When he got to within about two feet of the fly, the fish slowed and
paused. Obviously, he was inspecting the mouse fly to see if it warranted
a strike. For what seemed like forever, I kept my cool and kept the
fly skittering slowly across the surface while this amazing fish held
position just below it, looking, waiting. Finally with no warning
whatsoever, the Rainbow exploded through the surface of the pool,
slashing at the fly with a huge, wide-open mouth. Only years of experience,
and cat-like reflexes, allowed me to snatch the fly to safety before
the Rainbow could close his jaws on it.
We tried for another half hour to get that fish to strike at about
fifteen different flies but even in a wilderness, the big fish don’t
get big by doing something stupid twice. He had us figured out after
one encounter and wasn’t buying what we were selling.

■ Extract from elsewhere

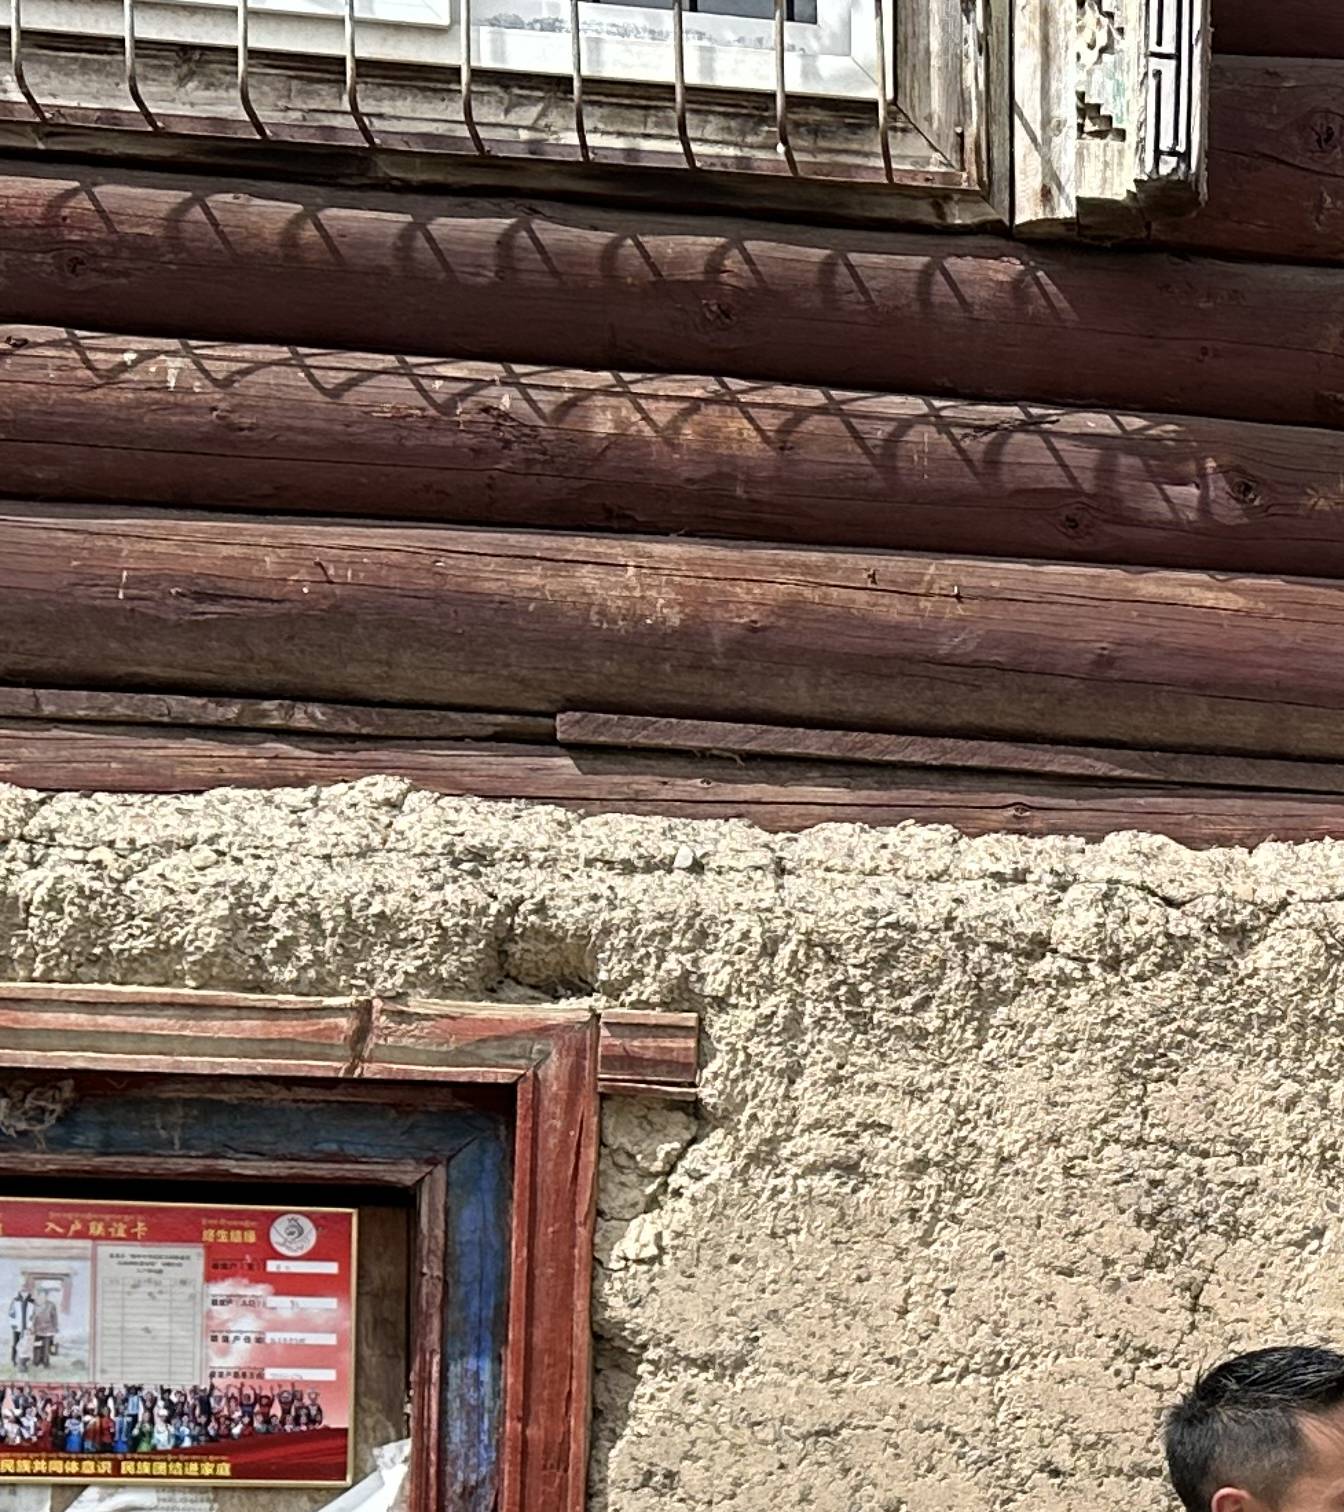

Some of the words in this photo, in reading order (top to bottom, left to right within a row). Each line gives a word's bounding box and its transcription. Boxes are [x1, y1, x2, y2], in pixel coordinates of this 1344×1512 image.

[44, 1219, 148, 1240] 入户联谊卡
[0, 1459, 112, 1473] 民族共同体意识
[121, 1461, 231, 1476] 民族团结进家庭
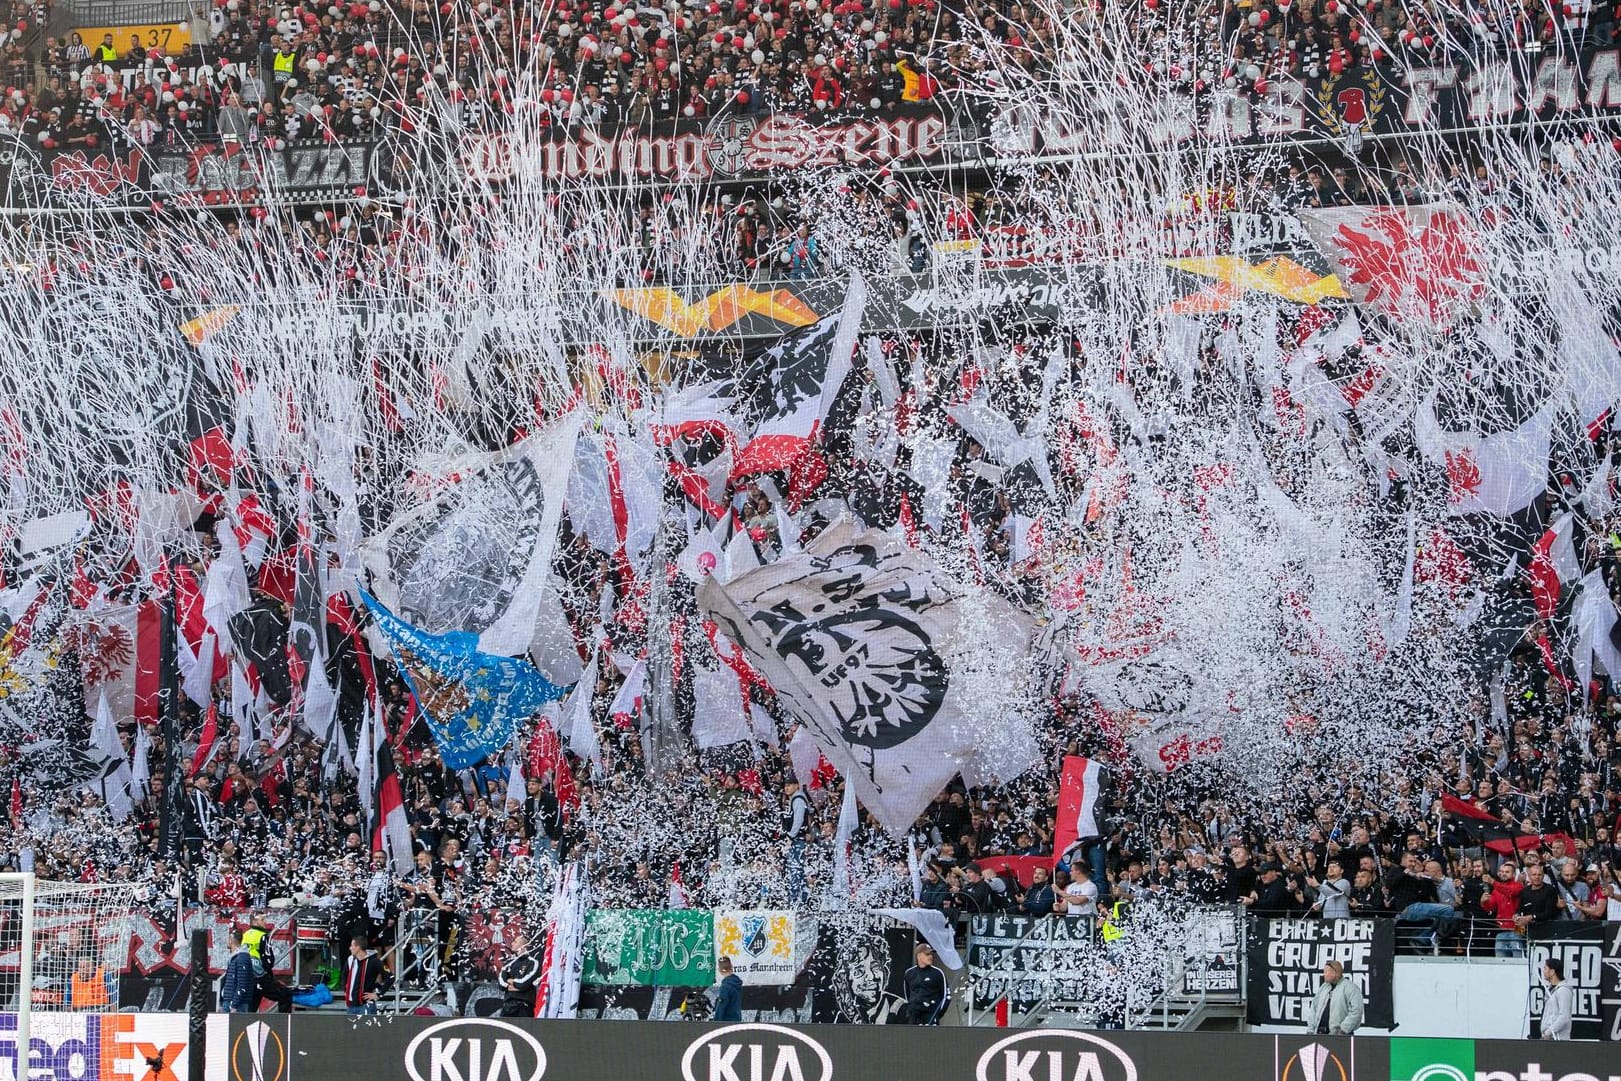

Its not the fish I catch that make me want to return to a river. It’s
the ones that get away. Sometimes when I lie awake during the long
nights of a New Hampshire winter I see that fish and that strike.
I have to go back.
We headed back to the boat after that, about an hours walk. About
half way there I saw something blond and furry moving toward the channel
from our left.

I stopped Dan and Derek and we stood still and watched two small
blond grizzly cubs, maybe fifty pounds each, splash through the water
less than a hundred feet in front of us and disappear into the willows.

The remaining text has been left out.